The increase in the strength of the composites due to the thermal expansion coefficient (CTE) mismatch, Δα, of the Al-7075 matrix (25.9 × 10^–6 K⁻¹ [50]) and reinforcement (3 × 10^–6 K⁻¹ [51]) can be expressed by Eq. 10. The difference in the CTE increases the dislocation density of the matrix surrounding the particles (known as the prismatic punching of dislocations) [52]. The accumulated dislocations at the matrix-particle interface significantly improves the YS of the composites.

$$\begin{aligned} \Delta \sigma_{CTE} & = \beta Gb\sqrt \rho , \\ \rho & = \frac{{12\Delta \alpha \Delta TV_{p} }}{{bd_{p} \left( {1 - V_{p} } \right)}}, \\ \end{aligned}$$

(10)

where β is a constant (approximately equal to 1.25[53]); G is the shear modulus of the Al matrix (26 GPa [54]); b is the Burgers vector (0.286 nm [54]); ΔT is the difference between the stress-free homologue temperature, that is, the temperature at which the solidification started (943 K), and the mold temperature (308 K) after the solidification; and d_p is the mean diameter of the Al₃Ti particles (10, 20, and 30 µm for the composites with 2, 5, and 7 wt% Al₃Ti, respectively).

The effect of Orowan strengthening can be quantified using the Orowan-Ashby equation:

$$\Delta \sigma_{Or} = \frac{0.13Gb}{\lambda }ln\frac{{d_{p} }}{2b},$$

(11)

where λ is the interparticle spacing in the matrix. With the application of a load, the dislocations interact with the particles. They first bow around and reconnect, leading to a good number of dislocation loops around the particles. The obstruction of the subsequent dislocation motion by the already generated dislocation loops improves the strength of the composites to a great extent. This mechanism becomes effective when the particle diameter is close to or less than 1 µm. Because the minimum average diameter of the particles was approximately 5 µm in this study, the contribution of Orowan strengthening was small. Hence, Eq. 12 can be reduced to

$$\sigma_{ym} = \sigma_{o} + \Delta \sigma_{HP} + \Delta \sigma_{CTE} .$$

(12)

The substitution of the different strengthening mechanisms into Eqs. 12 and 7 yields the value of σ_yc for each composite, which was compared with the experimental results in Table 2. The predicted values of the YS for the composites with 2, 5, and 7 wt% Al₃Ti were 212.6, 228.1, and 245.1 MPa, respectively. The experimental corresponding values were 200, 208, and 218 MPa. This difference in the theoretical and measured values could be attributed to the presence of micropores, variations in the aspect ratio and size of the particles, and size distribution of the grains in the matrix alloy. It must be noted that the thermal expansion mismatch was the dominant strengthening mechanism in the composites (Table 2).

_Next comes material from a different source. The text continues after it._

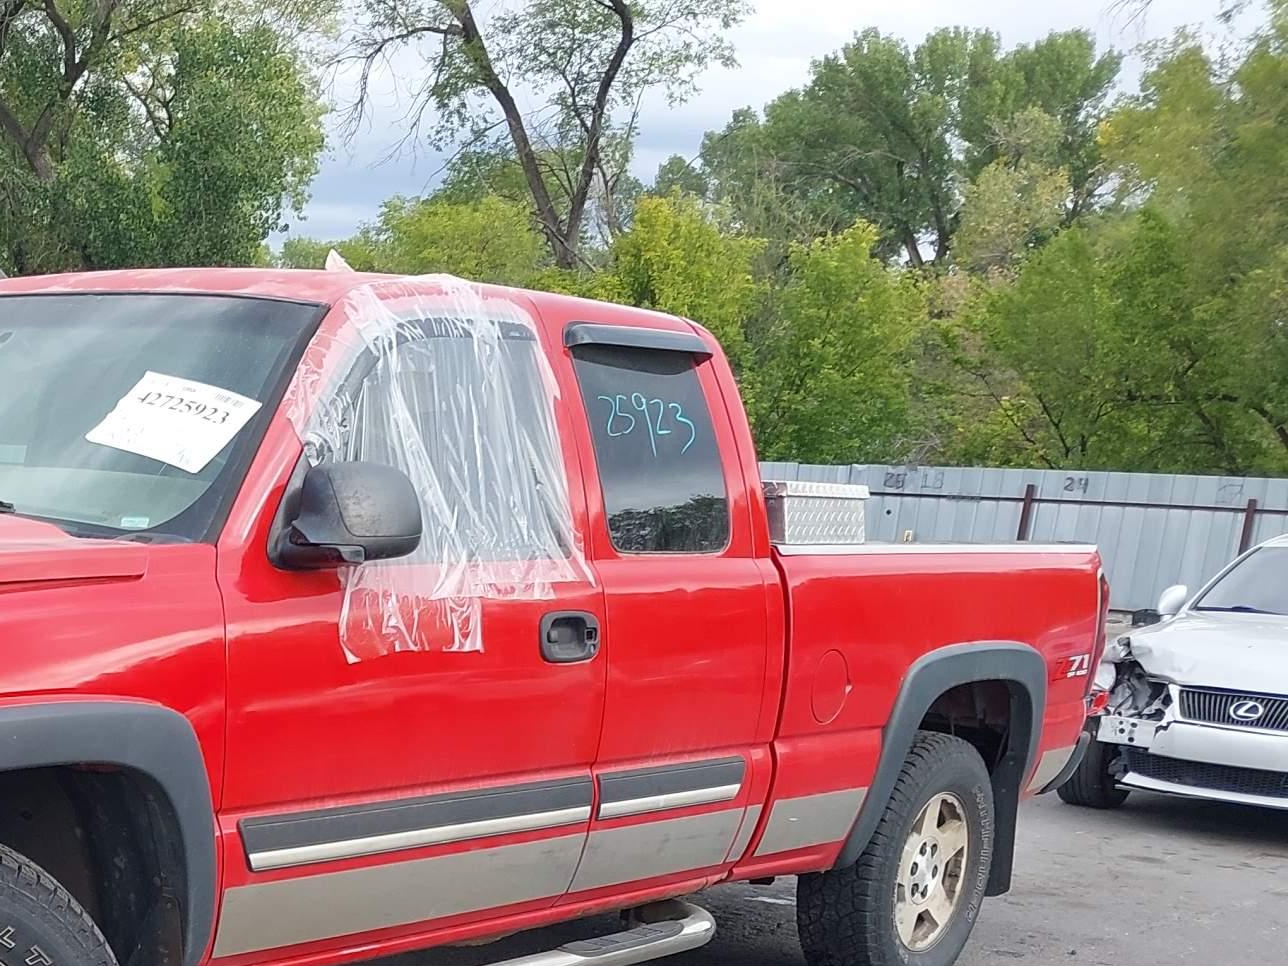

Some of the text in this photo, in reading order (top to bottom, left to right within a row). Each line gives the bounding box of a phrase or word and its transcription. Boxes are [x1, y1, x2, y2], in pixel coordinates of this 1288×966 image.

[137, 391, 231, 425] 42725923
[597, 392, 696, 458] 25923
[1053, 653, 1090, 681] Z71

Table 2 Contribution of various strengthening mechanisms to the YS of the composites

5 Conclusions

An SUST approach was implemented for the fabrication of in-situ Al-7075/Al₃Ti MMCs. The following conclusions were drawn from the results and discussion.

1. 1.

   Ti powders were added in stoichiometric proportions to the alloy melt for the direct reaction synthesis of Al₃Ti particles inside the as-cast matrix. The composites were fabricated under optimized casting variables, such as the stirring time, stirring velocity, holding time, sonication time, sonication frequency, and furnace temperature.

2. 2.

   The high local temperature and pressure generated during ultrasonic cavitation accelerated the formation of the Al₃Ti reinforcing phase. In addition, the high local undercooling generated by the explosion of the cavitation bubbles led to the formation of many nucleation sites and refined the grains successfully as compared to the base alloy.

3. 3.

   Microscopic analysis showed grain refinement and homogeneous distribution of the Al₃Ti particles in the matrix. Al₃Ti particles and the Al matrix generated clean and flawless interfaces, which improved the mechanical properties of the composites.

4. 4.

   The YS, tensile strength, and hardness of the composites increased with an increase in the Al₃Ti content. Grain refinement, Thermal expansion mismatch, and interfacial adhesion between the matrix and reinforcement contributed to the high YS and tensile strength of the composites.